How the DocTags pathway modifications Doc AI
Typical OCR-to-Markdown pipelines lose structural data and complicate downstream retrieval-augmented era (RAG). Granite-Docling emits DocTags—a compact, LLM-friendly structural grammar—which Docling converts into Markdown/HTML/JSON. This preserves desk topology, inline/floating math, code blocks, captions, and studying order with specific coordinates, bettering index high quality and grounding for RAG and analytics.
Inference and integration
- Docling Integration (really useful): The
docling
CLI/SDK routinely pulls Granite-Docling and converts PDFs/workplace docs/photos to a number of codecs. IBM positions the mannequin as a element inside Docling pipelines somewhat than a normal VLM. - Runtimes: Works with Transformers, vLLM, ONNX, and MLX; a devoted MLX construct is optimized for Apple Silicon. A Hugging Face House supplies an interactive demo (ZeroGPU).
- License: Apache-2.0.
Why Granite-Docling?
For enterprise doc AI, small VLMs that protect construction cut back inference price and pipeline complexity. Granite-Docling replaces a number of single-purpose fashions (format, OCR, desk, code, equations) with a single element that emits a richer intermediate illustration, bettering downstream retrieval and conversion constancy. The measured positive aspects—in TEDS for tables, F1 for code/equations, and decreased instability—make it a sensible improve from SmolDocling for manufacturing workflows.
Demo
Abstract
Granite-Docling-258M marks a major development in compact, structure-preserving doc AI. By combining IBM’s Granite spine, SigLIP2 imaginative and prescient encoder, and the nanoVLM coaching framework, it delivers enterprise-ready efficiency throughout tables, equations, code, and multilingual textual content—all whereas remaining light-weight and open-source beneath Apache 2.0. With measurable positive aspects over its SmolDocling predecessor and seamless integration into Docling pipelines, Granite-Docling supplies a sensible basis for doc conversion and RAG workflows the place precision and reliability are essential.
Take a look at the Fashions on Hugging Face and Demo right here. Be happy to take a look at our GitHub Web page for Tutorials, Codes and Notebooks. Additionally, be happy to comply with us on Twitter and don’t overlook to hitch our 100k+ ML SubReddit and Subscribe to our Publication.
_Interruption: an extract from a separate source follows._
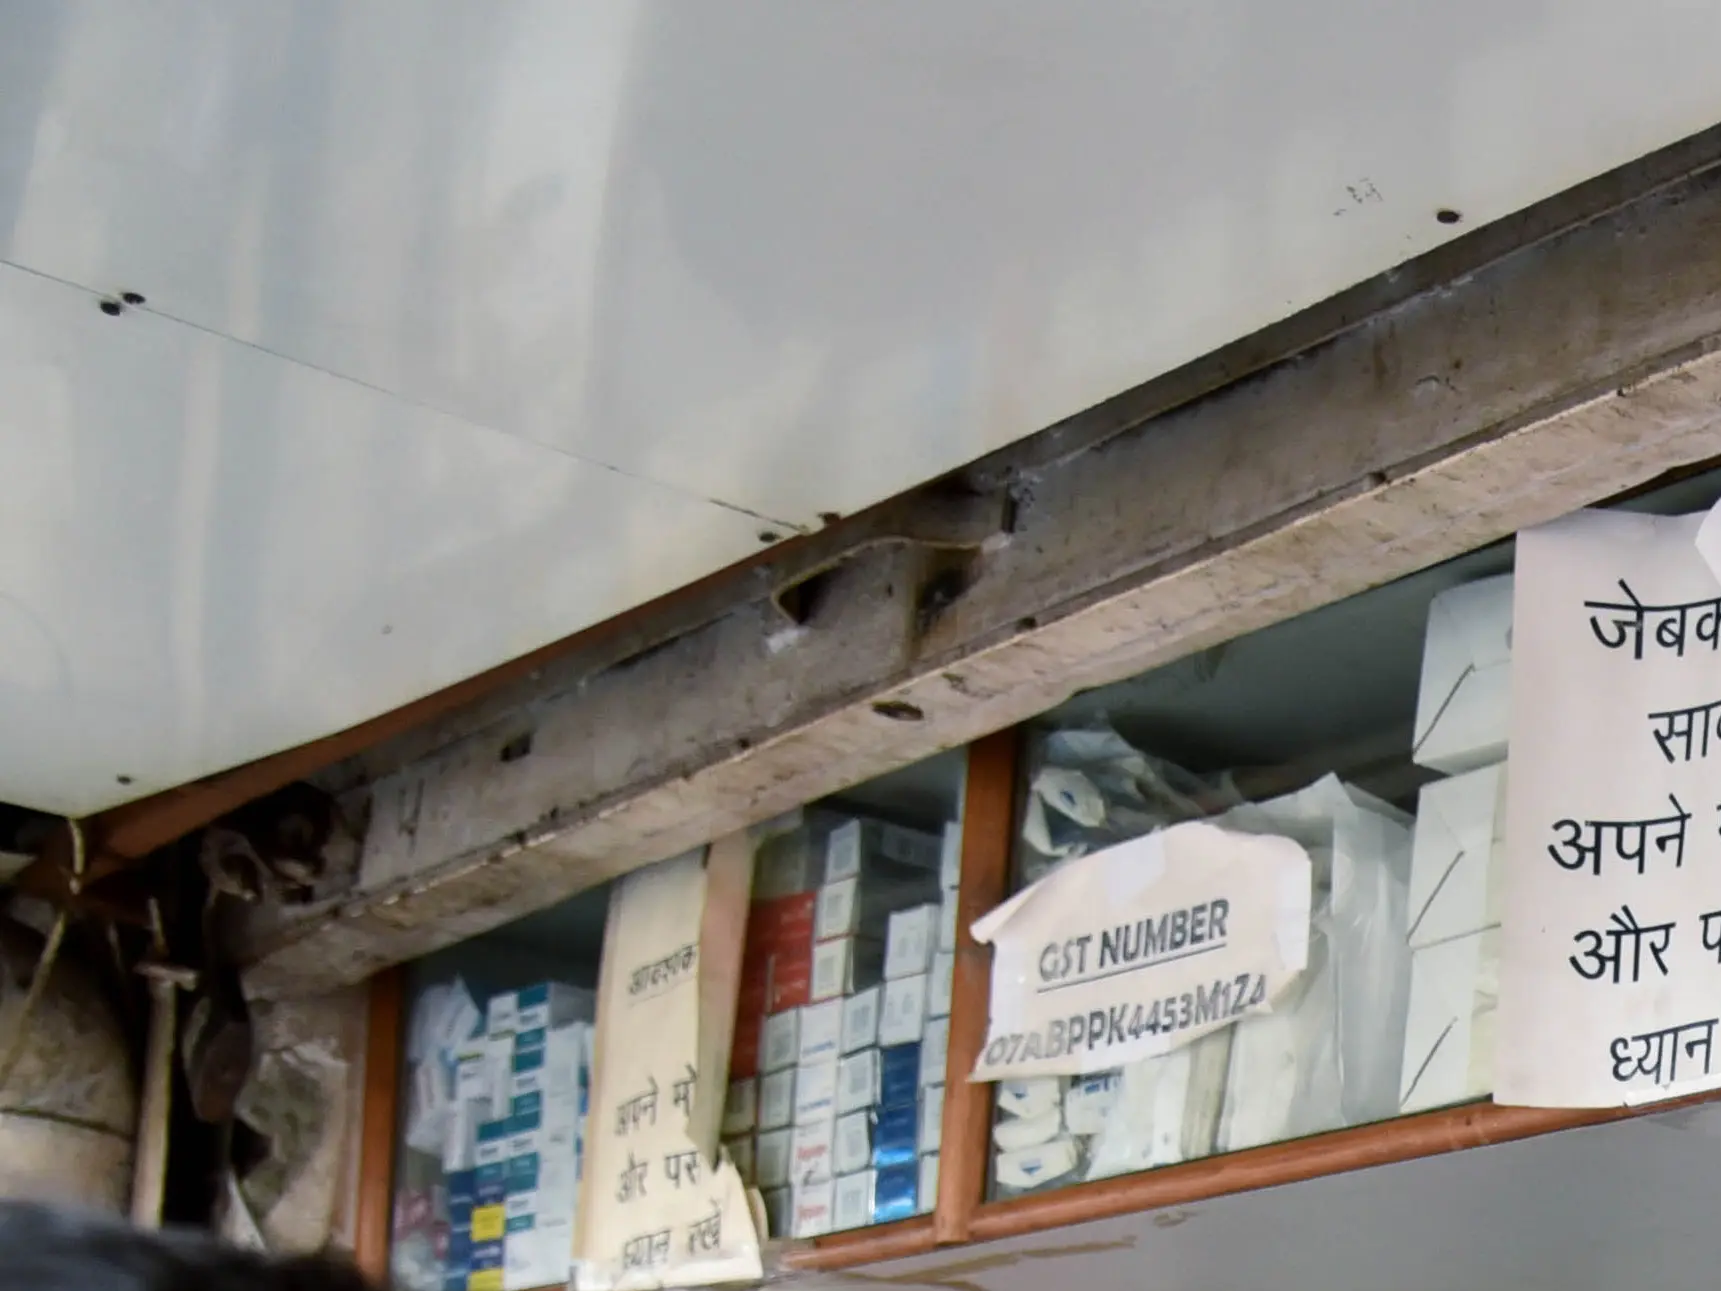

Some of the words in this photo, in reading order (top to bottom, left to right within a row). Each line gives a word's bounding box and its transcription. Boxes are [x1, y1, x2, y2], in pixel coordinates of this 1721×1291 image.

Asif Razzaq is the CEO of Marktechpost Media Inc.. As a visionary entrepreneur and engineer, Asif is dedicated to harnessing the potential of Synthetic Intelligence for social good. His most up-to-date endeavor is the launch of an Synthetic Intelligence Media Platform, Marktechpost, which stands out for its in-depth protection of machine studying and deep studying information that’s each technically sound and simply comprehensible by a large viewers. The platform boasts of over 2 million month-to-month views, illustrating its recognition amongst audiences.